Toward new drugs for the human and non-human cells in people

FOR IMMEDIATE RELEASE

ACS News Service Weekly PressPac: July 11, 2012

Toward new drugs for the human and non-human cells in people

High-resolution image
Credit: U.S. Department of Agriculture

Targeting the Human Genome-Microbiome Axis for Drug Discovery: Inspirations from Global Systems Biology and Traditional Chinese Medicine
Journal of Proteome Research

Amid the growing recognition that only a small fraction of the cells and genes in a typical human being are human, scientists are suggesting a revolutionary approach to developing new medicines and treatments to target both the human and non-human components of people. That’s the topic of an article, which reviews work relating to this topic from almost 100 studies, in ACS’ Journal of Proteome Research.
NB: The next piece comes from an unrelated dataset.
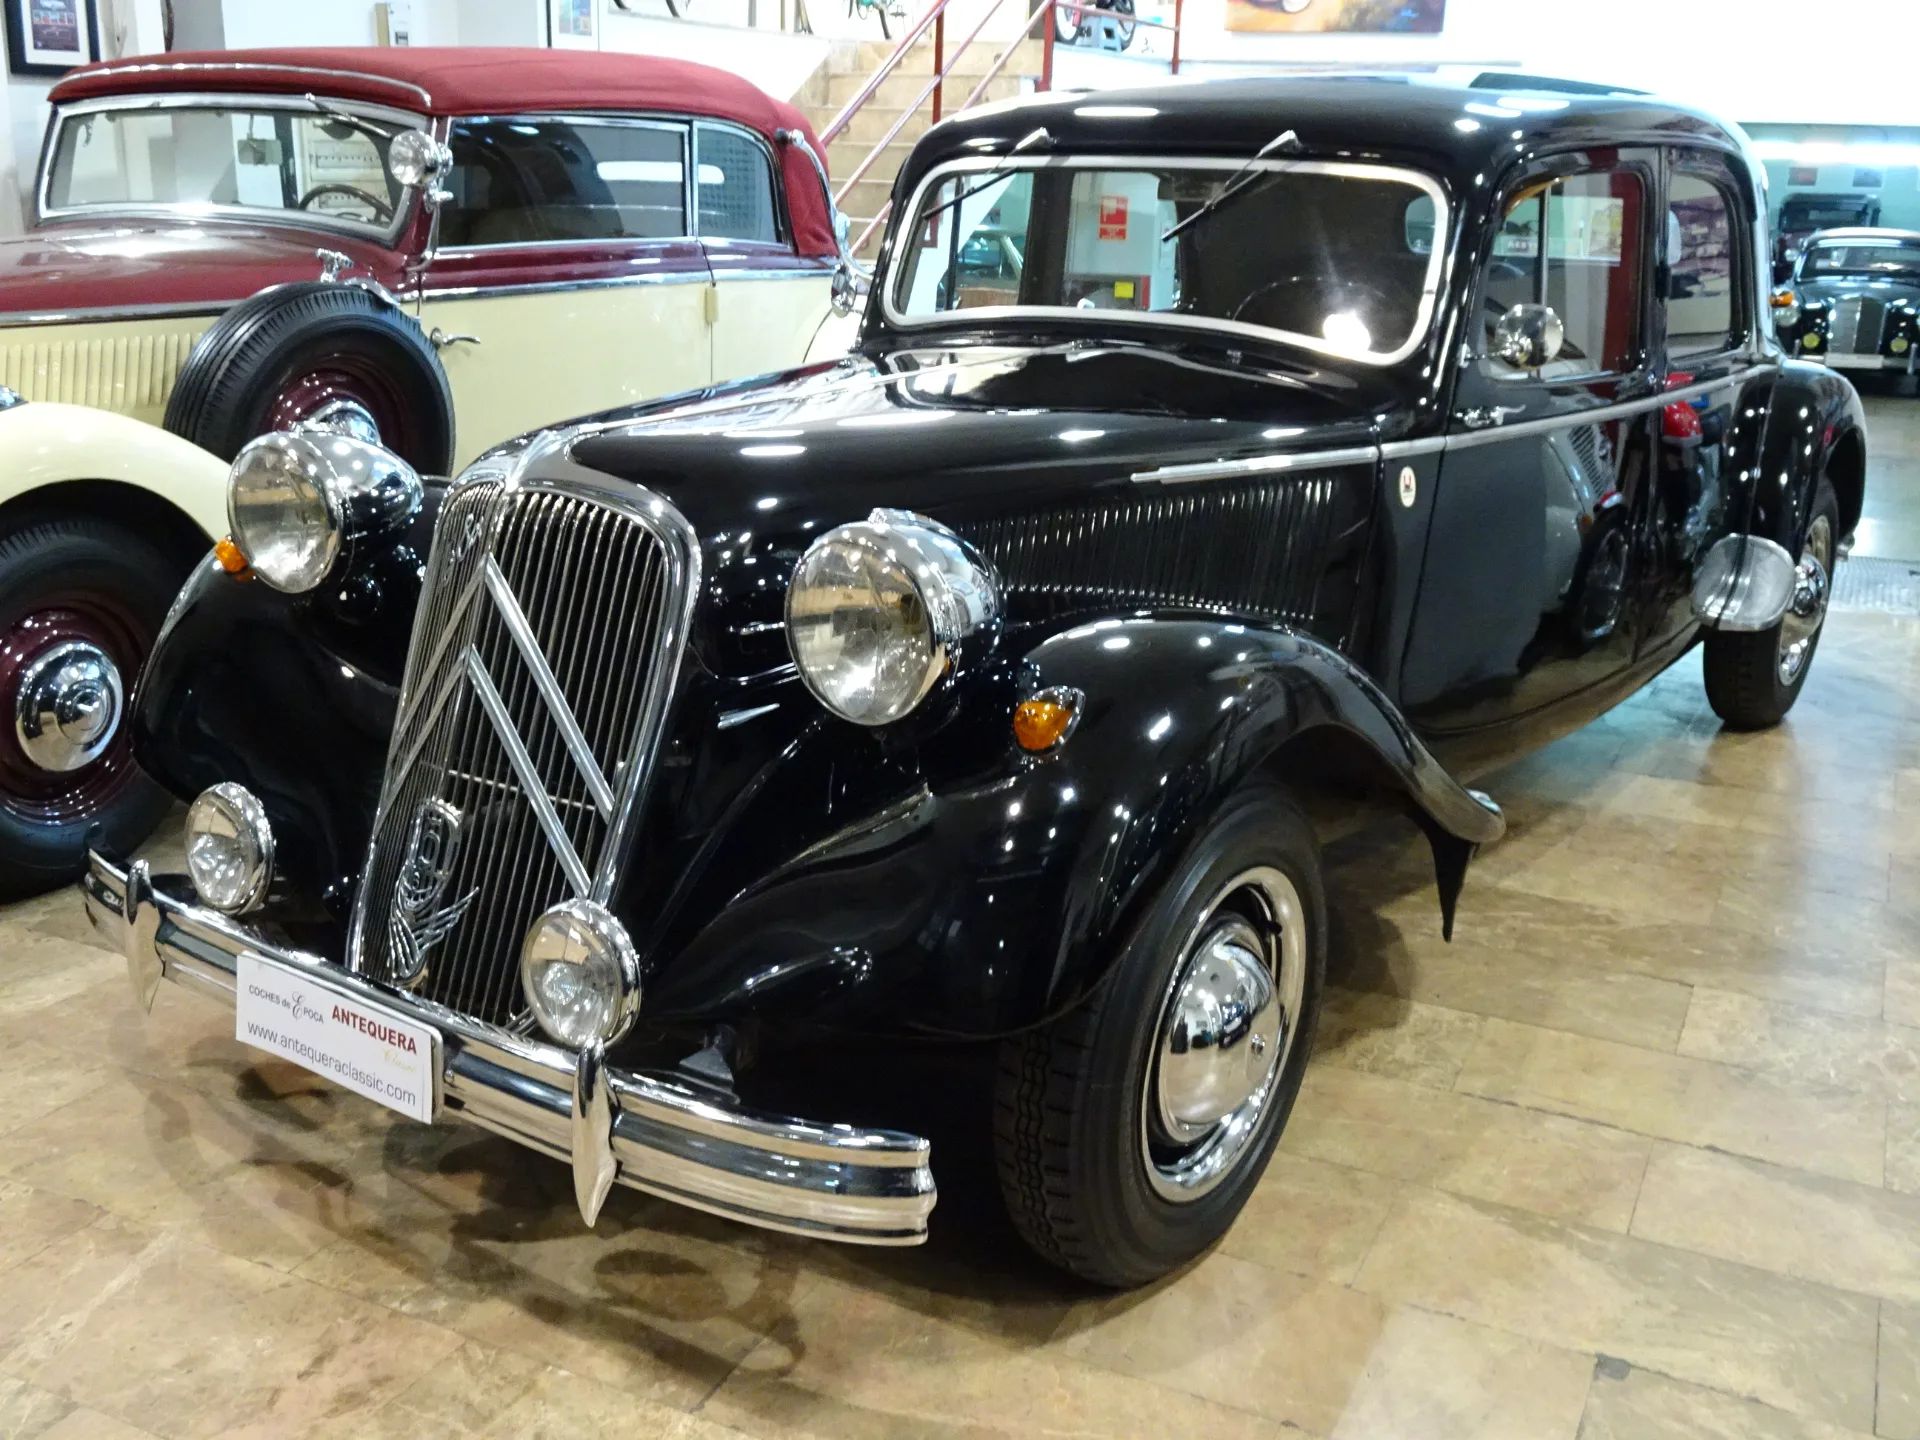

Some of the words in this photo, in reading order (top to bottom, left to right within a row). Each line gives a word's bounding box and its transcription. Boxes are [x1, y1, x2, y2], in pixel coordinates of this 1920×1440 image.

[248, 984, 281, 1005] COCHES
[331, 1005, 418, 1055] ANTEQUERA
[247, 1021, 416, 1106] www.antequeraclassic.com
Liping Zhao, Jeremy K. Nicholson and colleagues explain that human beings have been called “superorganisms” because their bodies contain 10 percent human cells and 90 percent microbes that live mainly in the intestines. “Super” in that sense means “above and beyond.” Scientists thus are viewing people as vast ecosystems in which human, bacterial, fungal and other cells interact with each another. Microbes, for instance, release substances that determine whether human genes turn on or off and influence the immune system’s defenses against disease. And populations of microbes in the body change with changes in diet, medications and other factors.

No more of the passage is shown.